__GOAL OF THE EXERCISE__: Repeat each entry exactly; omit all pictures.

TASK INPUTS START

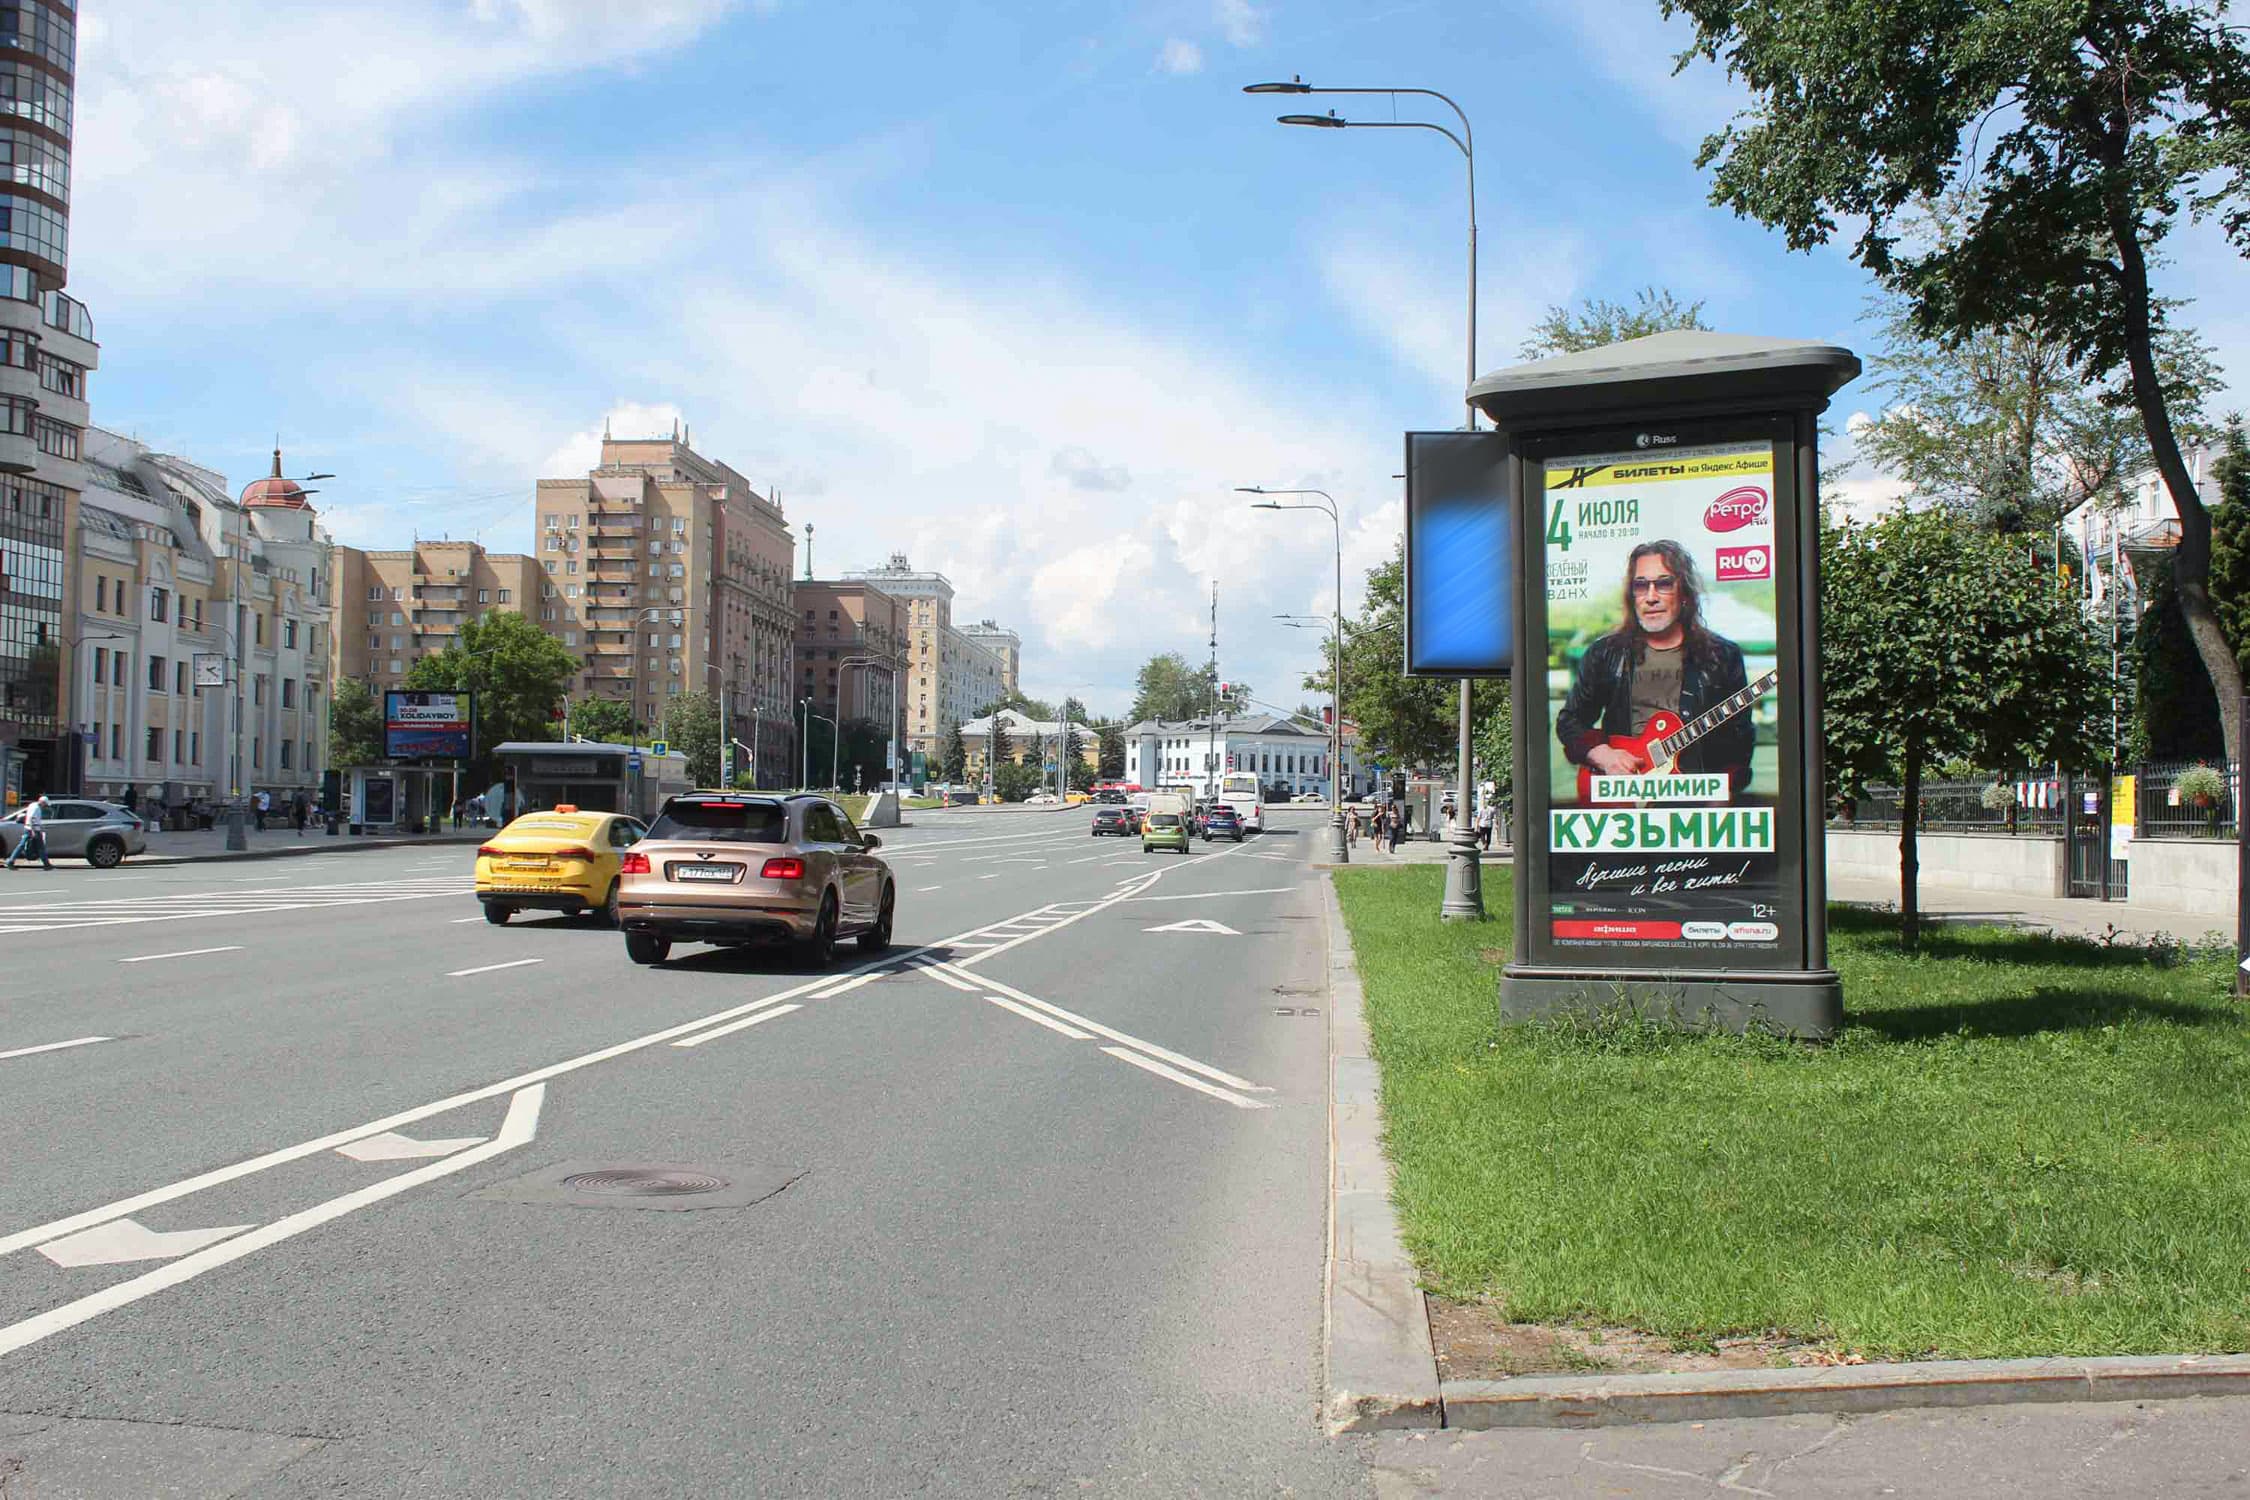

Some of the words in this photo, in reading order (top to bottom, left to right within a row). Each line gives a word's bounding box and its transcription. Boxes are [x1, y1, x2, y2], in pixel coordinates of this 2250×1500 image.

[1653, 435, 1676, 444] Russ
[1613, 465, 1684, 479] БИЛЕТЫ
[1688, 465, 1699, 473] на
[1701, 461, 1734, 473] Яндекс
[1736, 458, 1768, 470] Афише
[1710, 502, 1763, 519] Ретро
[1547, 499, 1572, 552] 4
[1579, 499, 1638, 527] ИЮЛЯ
[1579, 528, 1608, 540] НАЧАЛО
[1610, 528, 1615, 537] В
[1550, 577, 1587, 585] ТЕАТР
[1547, 588, 1588, 600] ВДНХ
[1598, 779, 1721, 799] ВЛАДИМИР
[1553, 812, 1769, 848] КУЗЬМИН
[1576, 862, 1648, 890] Лучшие
[1655, 857, 1708, 874] песни
[1630, 884, 1646, 896] и
[1651, 878, 1678, 894] все
[1684, 860, 1751, 890] хиты!
[1751, 904, 1777, 918] 12+
[1593, 925, 1637, 935] афиша
[1688, 926, 1721, 934] билеты
[1733, 926, 1772, 936] afisha.ru

TASK INPUTS END

__SOLUTION TO THIS EXERCISE__:
Some of the words in this photo, in reading order (top to bottom, left to right within a row). Each line gives a word's bounding box and its transcription. Boxes are [x1, y1, x2, y2], in pixel coordinates of this 2250×1500 image.

[1653, 435, 1676, 444] Russ
[1613, 465, 1684, 479] БИЛЕТЫ
[1688, 465, 1699, 473] на
[1701, 461, 1734, 473] Яндекс
[1736, 458, 1768, 470] Афише
[1710, 502, 1763, 519] Ретро
[1547, 499, 1572, 552] 4
[1579, 499, 1638, 527] ИЮЛЯ
[1579, 528, 1608, 540] НАЧАЛО
[1610, 528, 1615, 537] В
[1550, 577, 1587, 585] ТЕАТР
[1547, 588, 1588, 600] ВДНХ
[1598, 779, 1721, 799] ВЛАДИМИР
[1553, 812, 1769, 848] КУЗЬМИН
[1576, 862, 1648, 890] Лучшие
[1655, 857, 1708, 874] песни
[1630, 884, 1646, 896] и
[1651, 878, 1678, 894] все
[1684, 860, 1751, 890] хиты!
[1751, 904, 1777, 918] 12+
[1593, 925, 1637, 935] афиша
[1688, 926, 1721, 934] билеты
[1733, 926, 1772, 936] afisha.ru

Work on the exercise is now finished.